9/4/2012 10:55:15 AM

PRLog (Press Release) - Sep 02, 2012 - MONMOUTH JUNCTION, NJ.– Approximately 65% of the total protein in normal synovial fluid consists of human serum albumin. Authors Kaisa E. Happonen et al published an article titled, “PRELP inhibits the formation of the complement membrane attack complex” in the Journal of Biological Chemistry which cites AlbuSorb™ from Biotech Support Group for albumin depletion from synovial fluid for detecting and measuring Proline arginine rich end leucine-rich repeat protein (PRELP). Scientists demonstrated that PRELP inhibits MAC by decreasing C9 polymerization, thereby preventing limiting complement attack on basement membranes. Proper identification of low-abundance proteins in synovial fluid that may prevent disease biomarkers discovery is enhanced by albumin depletion. After albumin depletion, synovial fluid samples are concentrated using trhichloroacetic acid and incubated. Dried precipitates are separated after pelleting, washing, reducing on SDS-PAGE buffer and boiling on gels. Proteins on polyvinylidene fluoride membranes are incubated with a 125I-labeled polyclonal anti-PRELP antibody and antibodies bound are compared to pre-incubated antibody with PRELP. Thus, joint disease cartilage destruction results in PRELP proliferation into synovial fluid which is measured using ELISA.

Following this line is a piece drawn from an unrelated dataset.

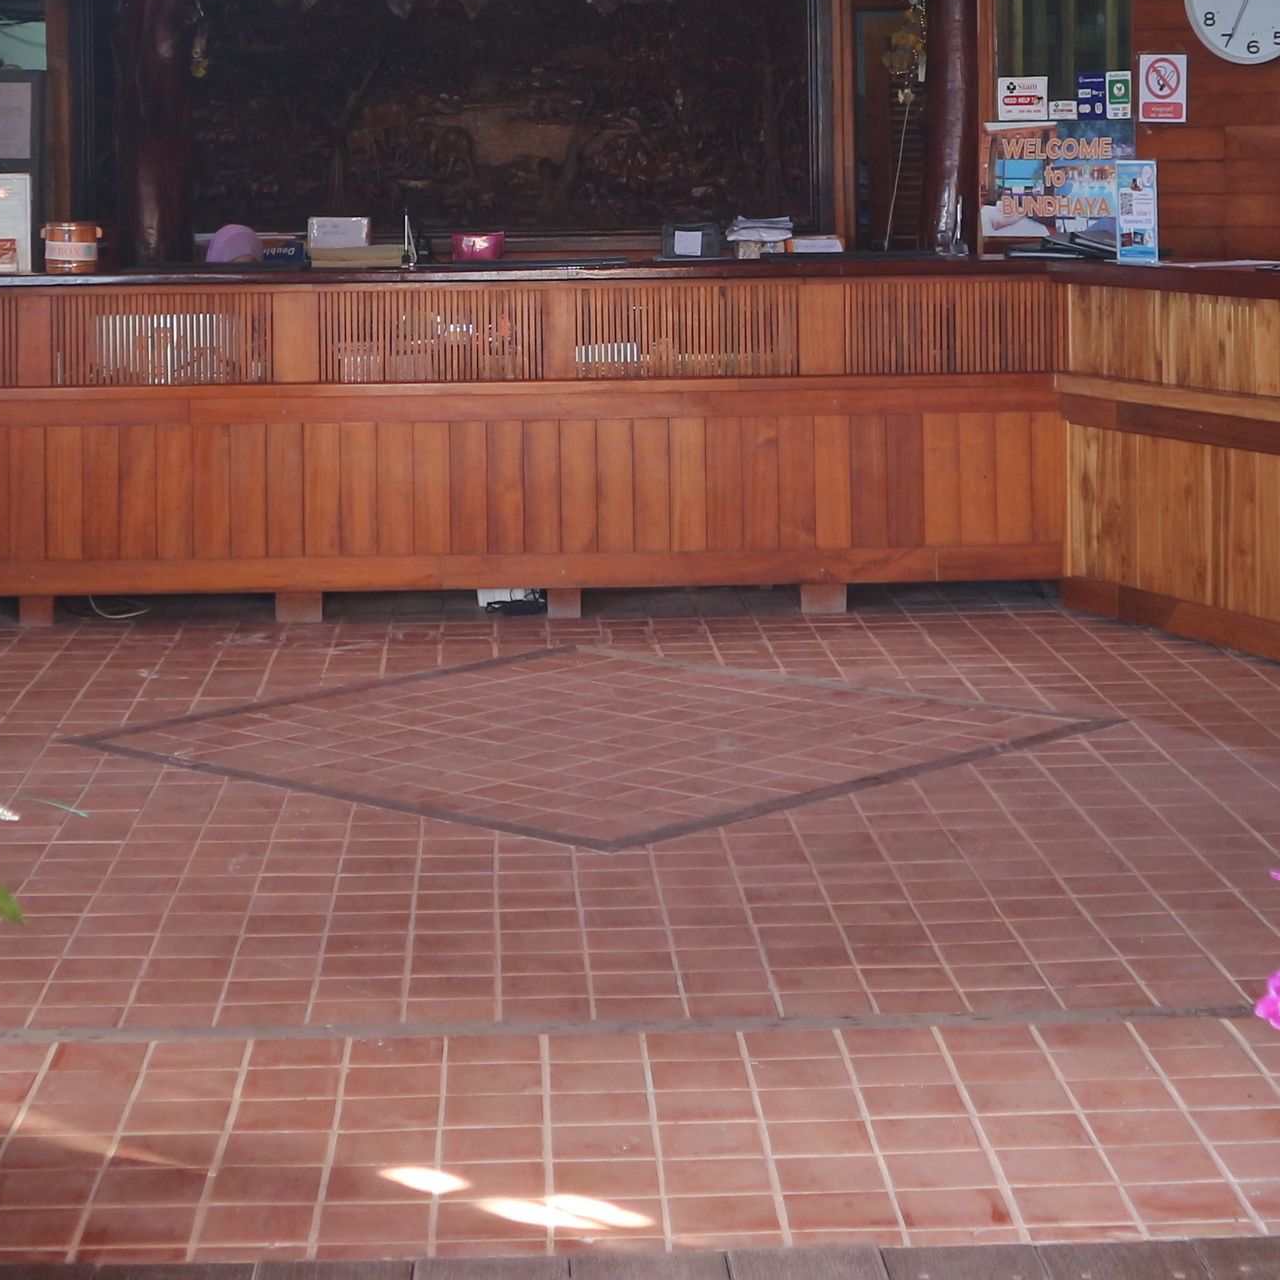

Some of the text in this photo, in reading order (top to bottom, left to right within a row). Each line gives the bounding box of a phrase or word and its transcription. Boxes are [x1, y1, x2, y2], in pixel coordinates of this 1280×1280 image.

Proteomic biotechniques allow for the analysis of proteins in synovial fluid. After using Albusorb™, synovial fluid proteins on two-dimensional polyacrylamide gel electrophoresis (2D-PAGE) is studied. Abundant proteins HSA and IgG are depleted using Albusorb™, followed by size-exclusion chromatography (SEC) of intact proteins prior to preparation of samples for analysis by LC/LC-MS/MS. Next tandem mass spectrometry (MS/MS), coupled with multidimensional liquid chromatography (LC) and database searching is effective technique for protein identification and characterization. Examples of elevated biomarker candidates which are elevated in erosive or nonerosive rheumatoid arthritis (RA) are G3PDH,Peptidylprolyl isomerase, Cystatin B, Phosphoglycerate mutase 1, a2-plasmin inhibitor, S100A8 (calgranulin A), IgG1H Nie, Thymosin-ß4. The ultimate goal of such application would be to comparatively find and analyze novel biomarkers of rheumatoid arthritis and search for the same biomarkers in synovial fluid of disease and non disease patient samples by proteomic techniques.

Characteristics of Albusorb™

Removes >90% albumin from 30 mg albumin/ml sample

Affinity-type equivalence, virtually no cross-reactivity with other proteins

Bind and elute procedure - simply weigh powder, condition the sample, centrifuge and/or filter, and recover the albumin depleted serum

Economical new surface technology, not based on affinity chromatography

Mild conditions maintain tertiary structure of proteins and simple transfer to secondary analysis

The albumin depleted filtrate retains the enzymatic and biological activity

Removes albumin from samples such serum, plasma and from species including human, mouse, sheep, bovine, goat, rat, and calf

The flow through fraction is compatible with LC-MS, activity based protein profiling and proteomic studies.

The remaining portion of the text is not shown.